I’ll start by telling you a little bit about me.  I’m a mom.  A wife.  A runner.  A sister.  I love to travel, the beach and friends.  I love to cook, bake and entertain, but I’m not Martha.  I’m passionate about politics but I promise not to make my focus on the Left vs the Right. Like many, I struggle with autoimmune issues and am desperate to find cures.

In our house, Spring starts the new soccer season for my seven year old son.  He’s a fanatic, starting “practice” in the backyard often at 6:30 in the morning. Last year’s World Cup was “played” over and over in the backyard.  Torres always won.  This year is especially exciting for me as a soccer mom as I’ll be debuting as his assistant coach.  Watching seven year olds play soccer is akin to watching a swarm of bees chase a honey pot.  And of course there are others choosing not to join the swarm but prefer to stand in the backfield kicking dirt and counting the minutes until they’re thankfully pulled for substitution.

My daughter is 4 with, as you’ve heard a gazillion times, the attitude of a 16 year old!  I’m not sure where she learned to cross her arms and storm up the stairs at the age of 2, slamming her bedroom door behind her, but I’ve decided it’s not worth trying to figure out the “where”.  I’ll just categorize it as one of those mysteries of the world!  And just when she adds a year to me in a split instance, she smiles, tells me she loves me and gives me a hug and kiss that only a mom knows.  I’m confident she’ll be what keeps me young and old at the same time!
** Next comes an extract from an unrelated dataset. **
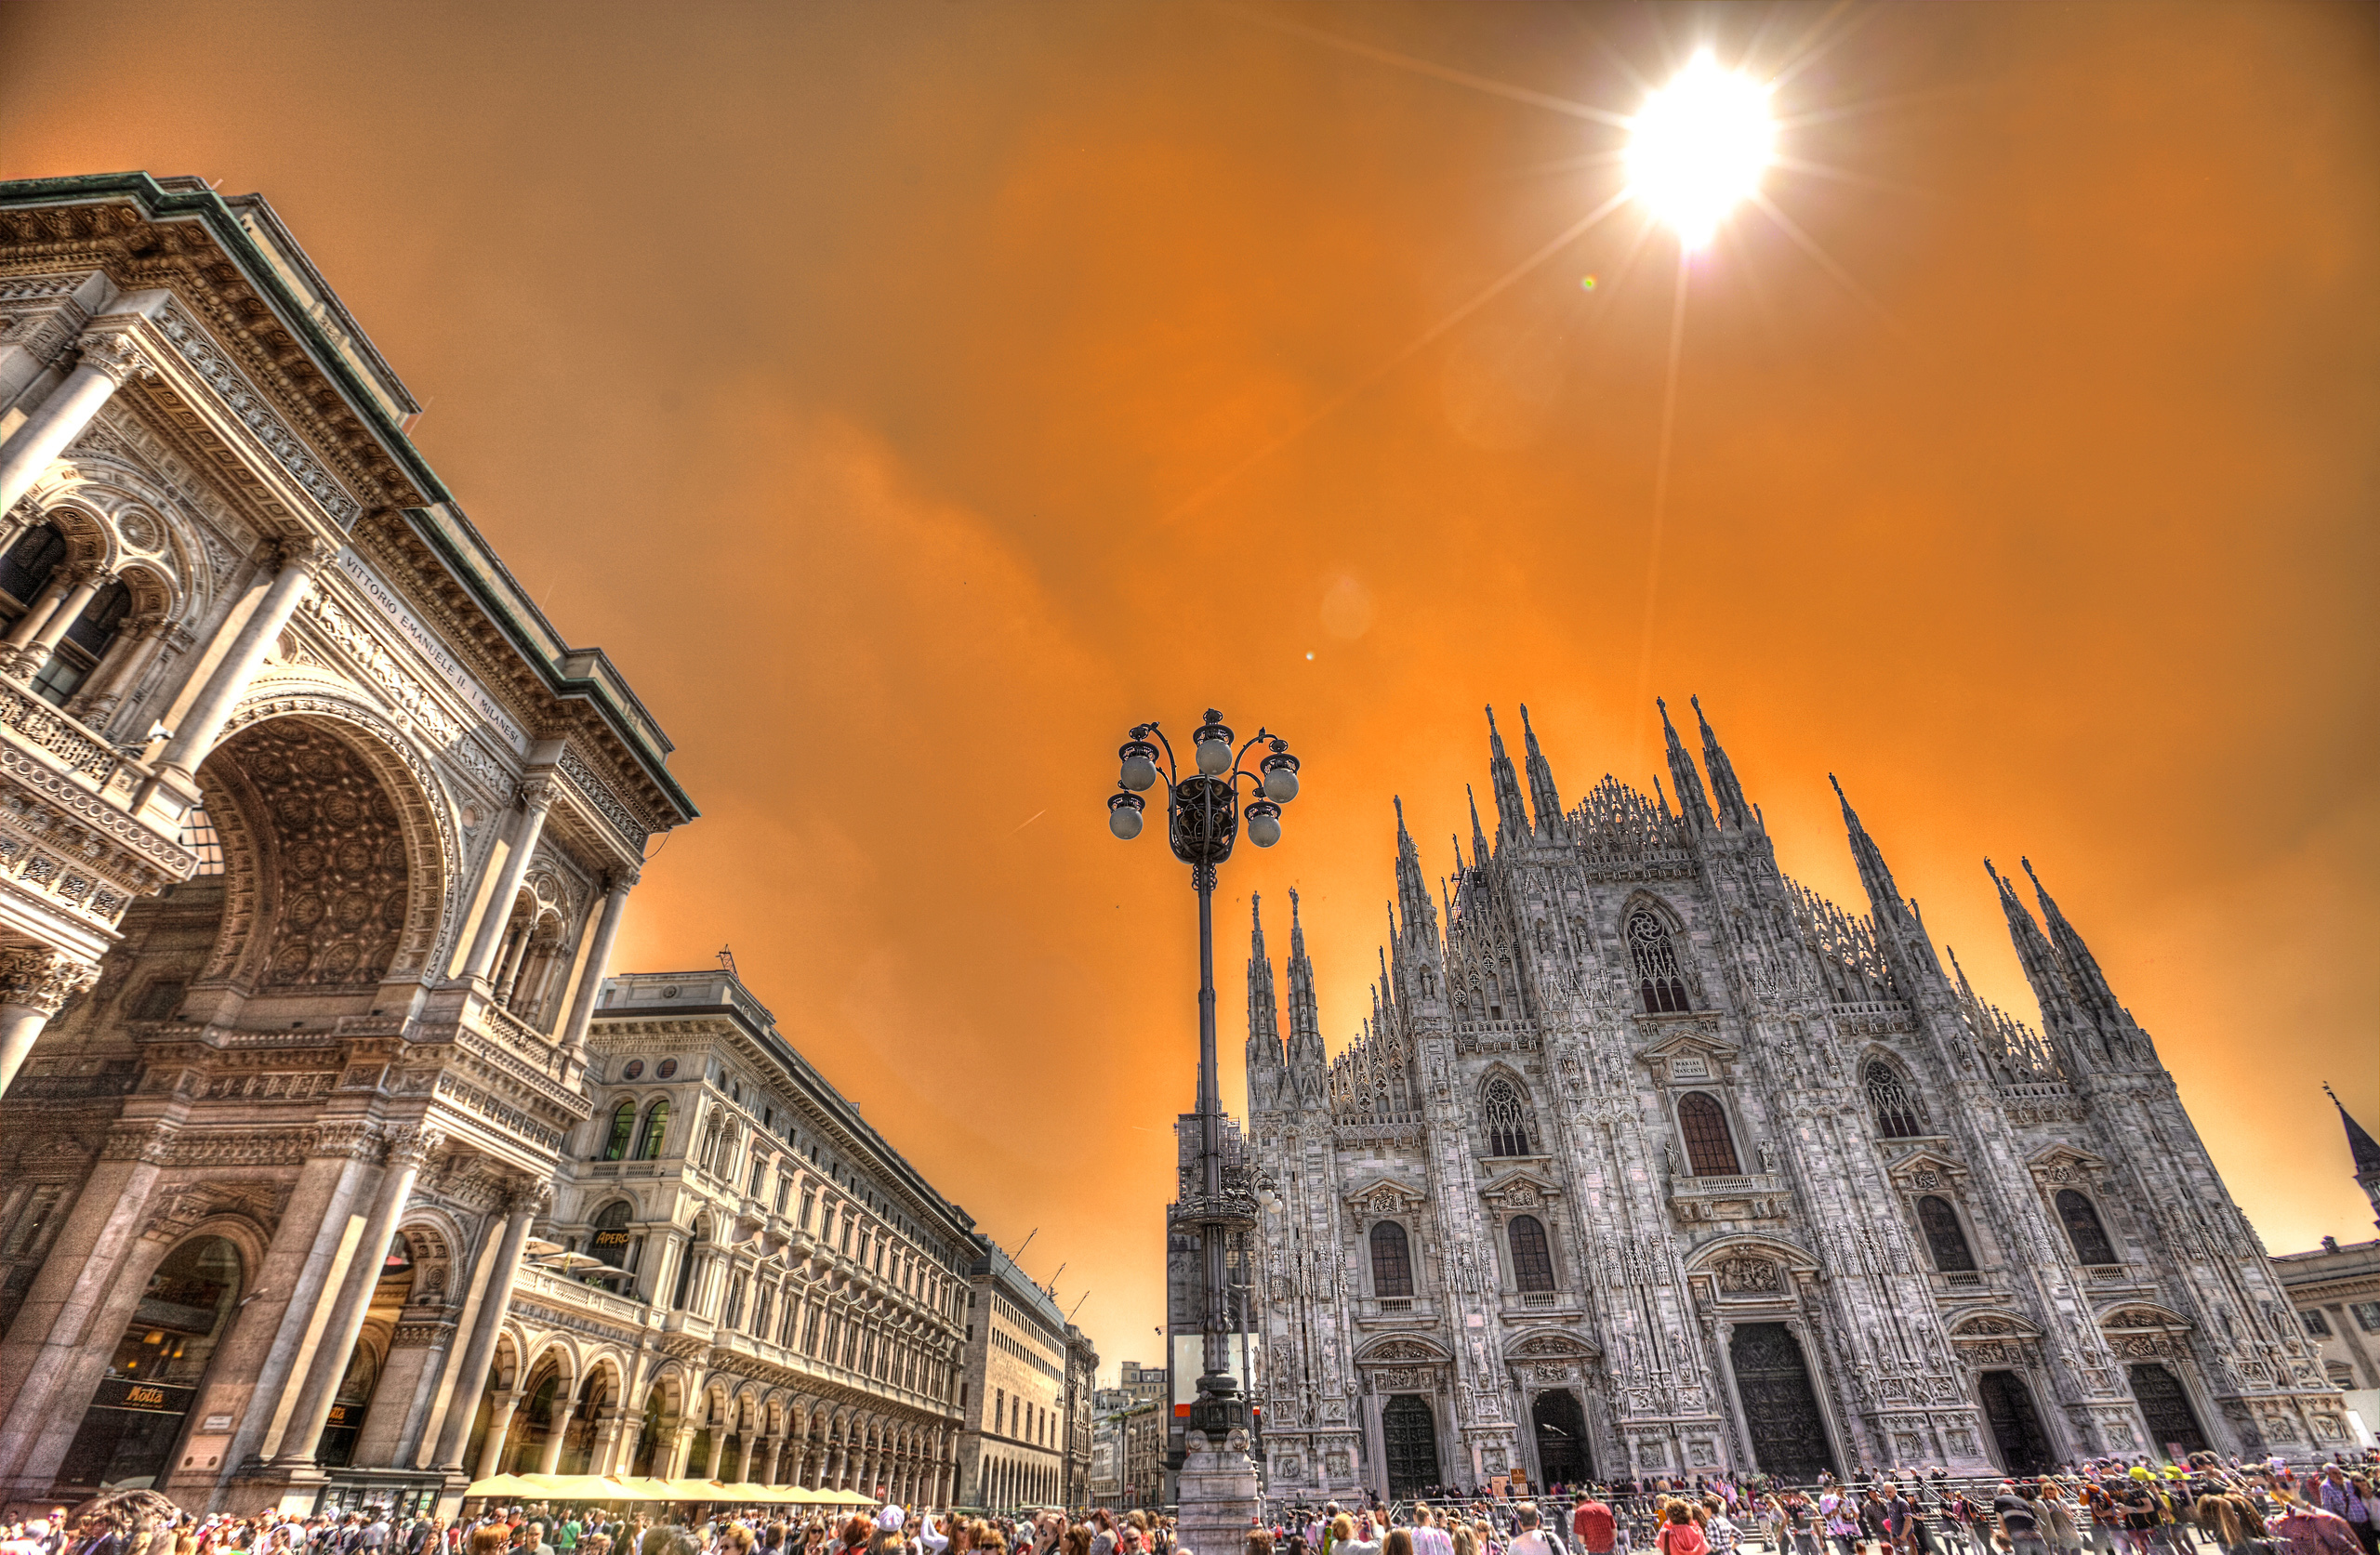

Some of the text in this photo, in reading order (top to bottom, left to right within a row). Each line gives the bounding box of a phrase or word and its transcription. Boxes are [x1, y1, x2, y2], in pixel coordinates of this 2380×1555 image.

I firmly believe in being a parent first with the hope that one day I will be rewarded and we can be the best of friends when she’s older, of course!

I’m signed up for the Marine Corps Marathon this year.  I’m counting on this being the push to get me back, regularly, on the trails sporting my Sauconys.  I miss my daily runs.  I miss early morning miles that start in darkness and end as the sun comes up.  I’m hopeful that this “disease” will allow me to train and finish the marathon in a respectable time.  My journey on the Hashimoto roller coaster has changed the way I live and view life.  Often, I repeat the words my insightful seven year old taught me when he was just four, “You get what you get and you don’t throw a fit.”  Determined to limit my fits and make the best of this, I rely heavily on my best friend’s shoulder.  My best friend happens to be my sister.  Most of our chats end with her shoulder drenched and me feeling a whole lot better!  She’s had her own battles with cancer and understands most where I’m coming from.  She’s my rock!
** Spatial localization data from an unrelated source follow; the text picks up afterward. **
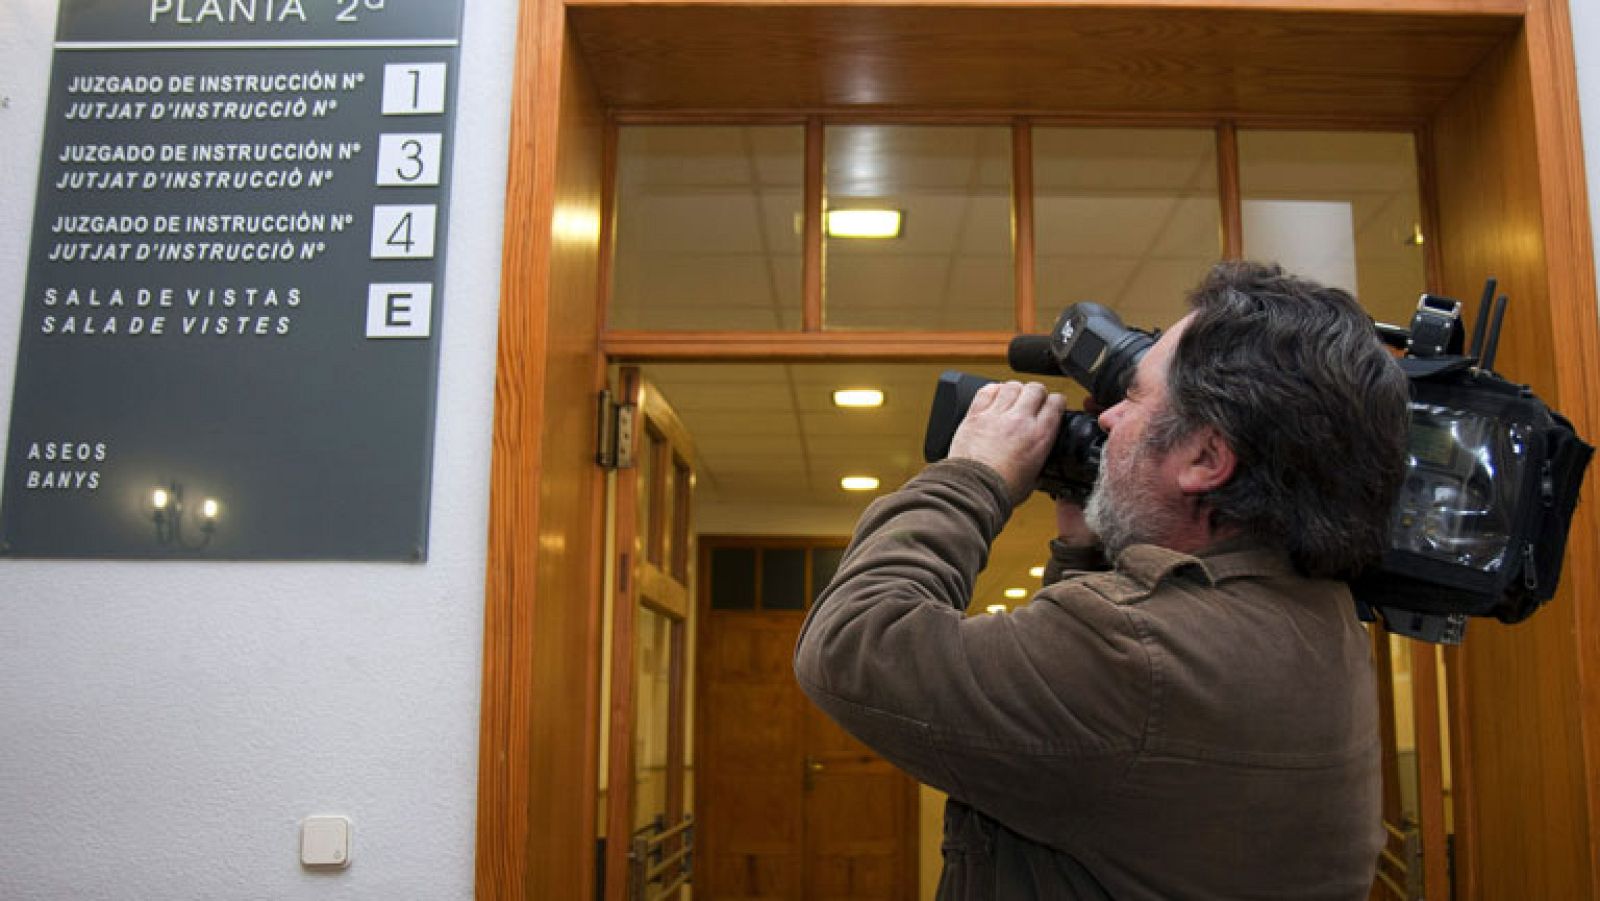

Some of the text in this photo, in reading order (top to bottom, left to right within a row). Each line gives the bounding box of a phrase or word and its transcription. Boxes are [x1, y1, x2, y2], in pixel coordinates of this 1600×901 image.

[69, 77, 163, 92] JUZGADO
[169, 77, 194, 92] DE
[200, 71, 336, 92] INSTRUCCIÓN
[65, 102, 146, 119] JUTJAT
[60, 146, 154, 161] JUZGADO
[161, 146, 186, 161] DE
[193, 140, 332, 161] INSTRUCCIÓN
[397, 139, 424, 182] 3
[56, 173, 138, 188] JUTJAT
[52, 217, 148, 232] JUZGADO
[154, 217, 180, 232] DE
[187, 212, 325, 232] INSTRUCCIÓN
[386, 211, 415, 254] 4
[50, 244, 131, 260] JUTJAT
[45, 288, 300, 306] SALA DE VISTAS
[385, 294, 412, 326] E
[42, 317, 289, 334] SALA DE VISTES
[29, 442, 106, 461] ASEOS
[27, 471, 100, 488] BANYS
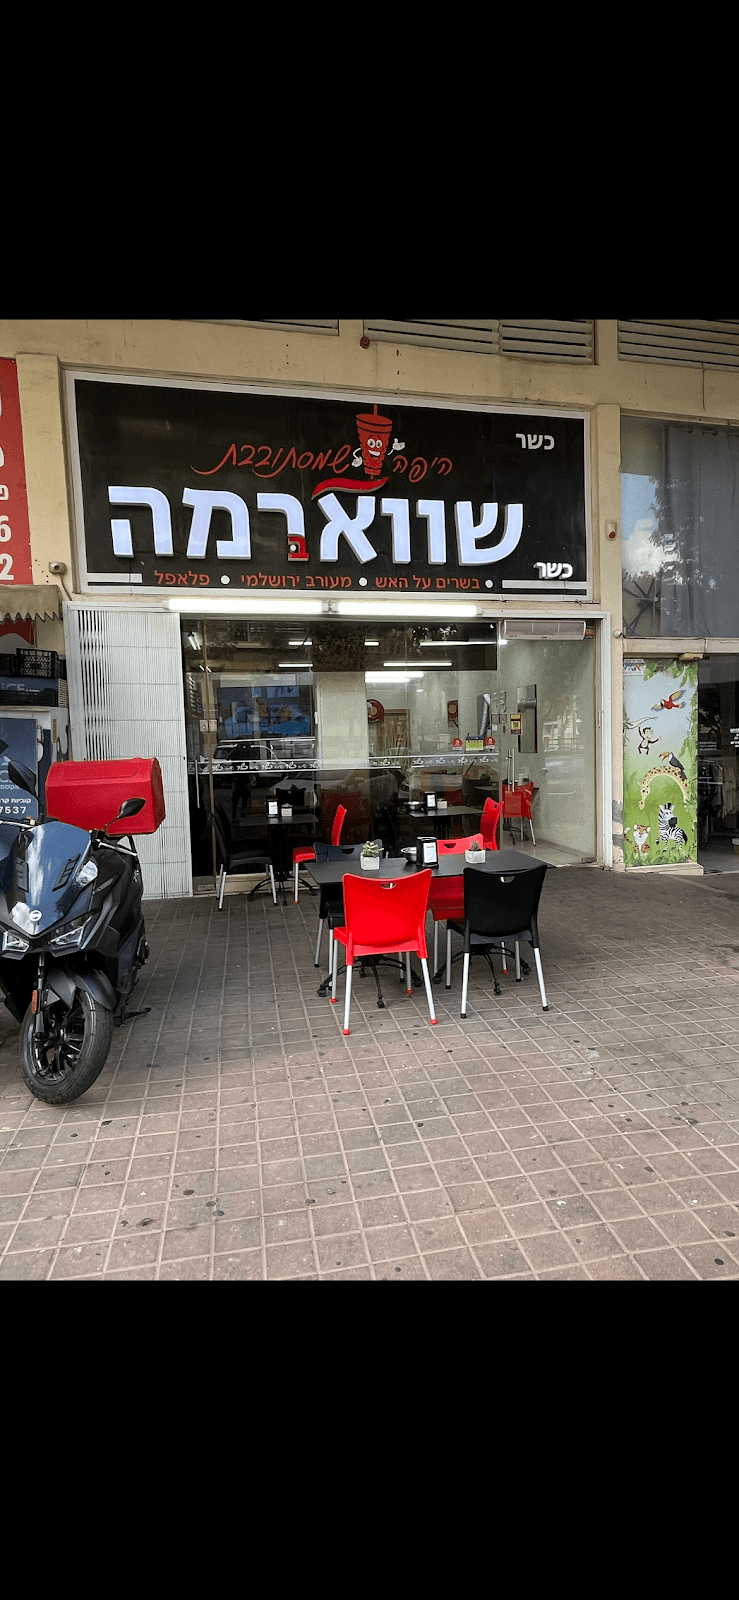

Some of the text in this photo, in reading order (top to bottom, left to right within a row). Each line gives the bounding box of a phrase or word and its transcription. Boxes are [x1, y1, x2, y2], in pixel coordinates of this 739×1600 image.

[515, 433, 555, 450] כשר
[190, 443, 453, 483] היפה שמסתובבת
[108, 485, 523, 566] שווארמה
[154, 570, 211, 585] פלאפל
[533, 562, 574, 579] כשר
[241, 572, 352, 589] מעורב ירושלמי
[375, 574, 480, 589] בשרים על האש
My passion in politics means this:  I’m fiscally conservative and socially not so much.  Nuff said.

I’ve been blessed with a lot – a husband that loves to travel and we’ve been fortunate to be able to visit a lot of Europe on a fairly regular basis.  Our favorite countries are Spain and Italy and we’ve made Spain’s Costa del Sol our “second home”.  The Spanish people are amazing, the food incredible and the views celestial.  We hope to see much more of the world and the vast, many cultures in the next few years.  I especially look forward to watching our children explore those cultures and experience what awaits beyond the borders of our backyard!
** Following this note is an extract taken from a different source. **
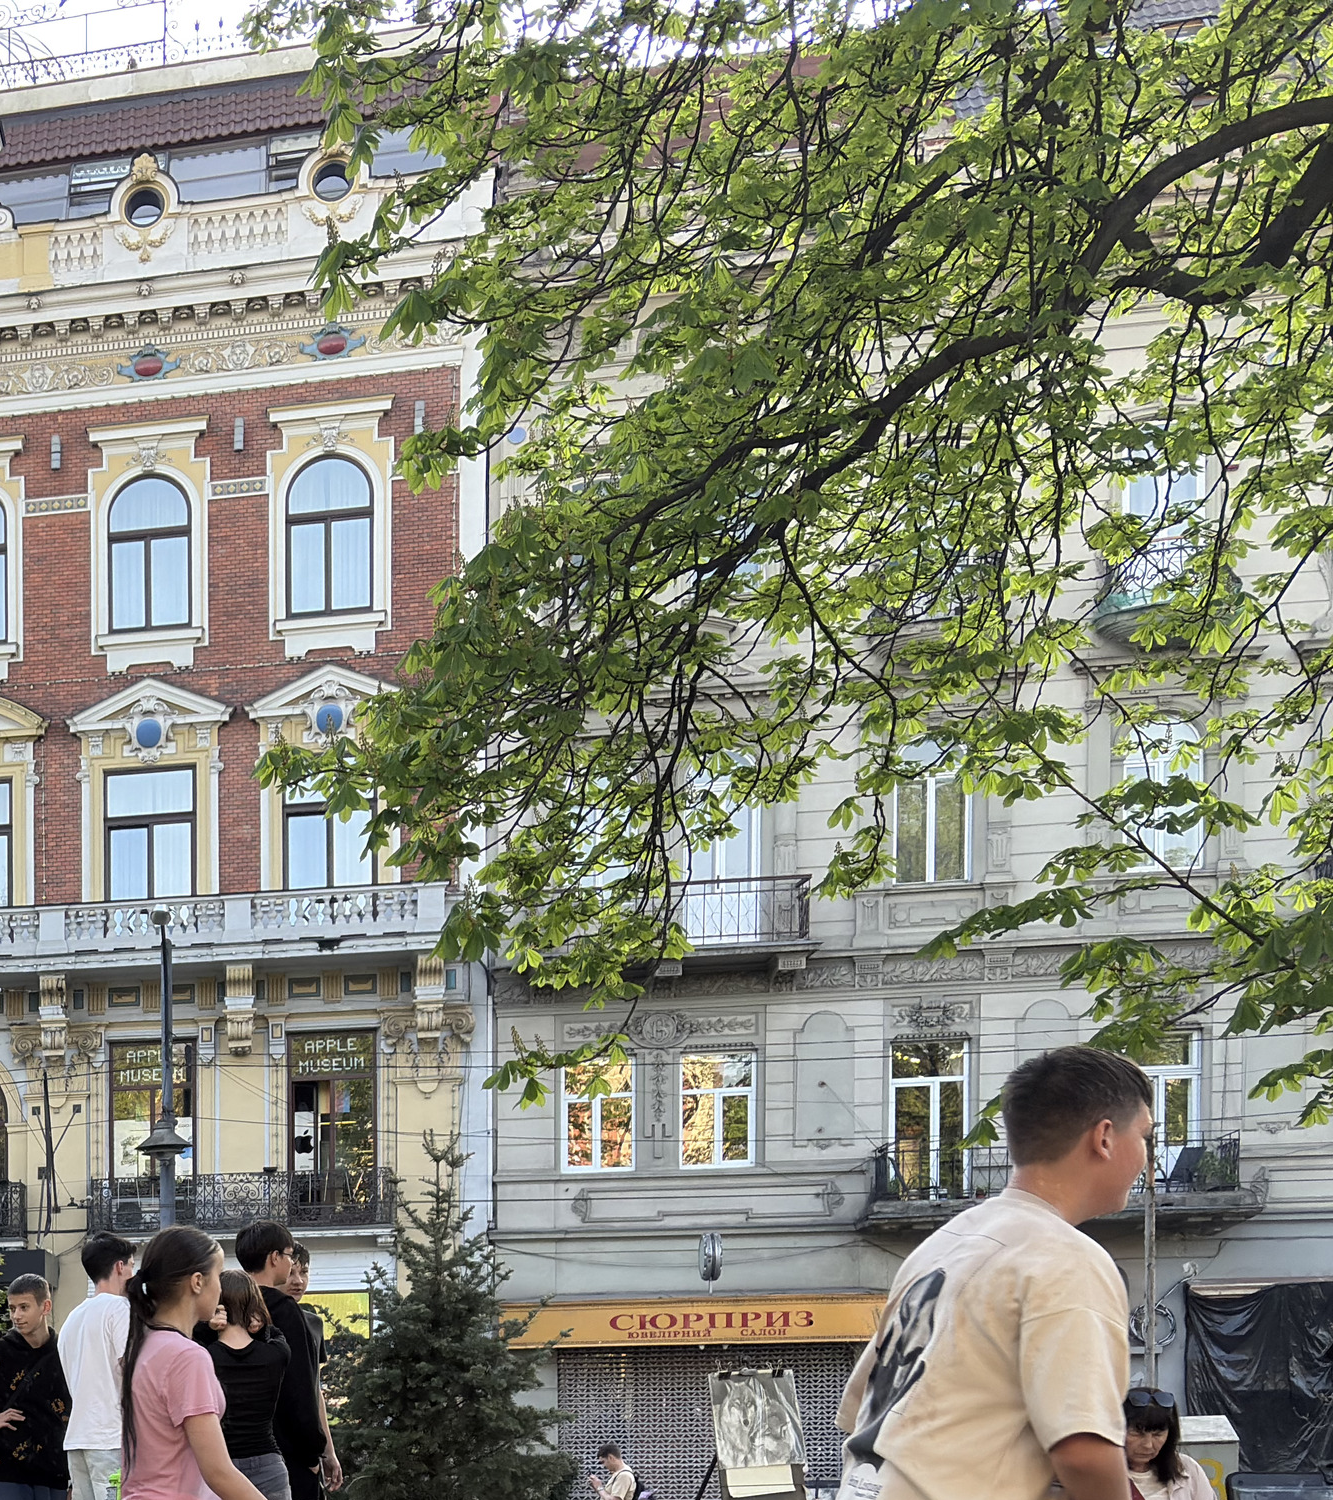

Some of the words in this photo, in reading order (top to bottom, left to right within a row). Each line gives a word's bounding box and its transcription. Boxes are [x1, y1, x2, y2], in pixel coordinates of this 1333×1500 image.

I have many fantastic friends.  Friends I’ve had since I was a child and many I’ve reconnected with thanks to the brilliance of Facebook.  I’ve made friends through internet chat rooms that I’ve kept over the years.  Remember, admittedly I have a lot to say!  I realized through my struggles with infertility that I wasn’t alone and found communities of open arms to help me through.  I was thrilled to be able to be one of the helpers for the “newbies” through their journey.  It always feels good to know you’ve helped someone and gave them the hope they so desperately searched for.  The internet opened up such a world to all of us and connects people in ways never before possible and in fact, never truly or fully imagined.  It’s an exciting time for sure and I don’t want to be on the sidelines so I choose to play the game!

I hope you’ve enjoyed “meeting” me and I welcome any comments or suggestions.  I hope to be able to bring something to this blogging game that in some way helps others – either moms, runners, soccer nuts, wives or those with autoimmune diseases.  While on my 12 mile run tomorrow, I hope to create my next blog, with your input, of course!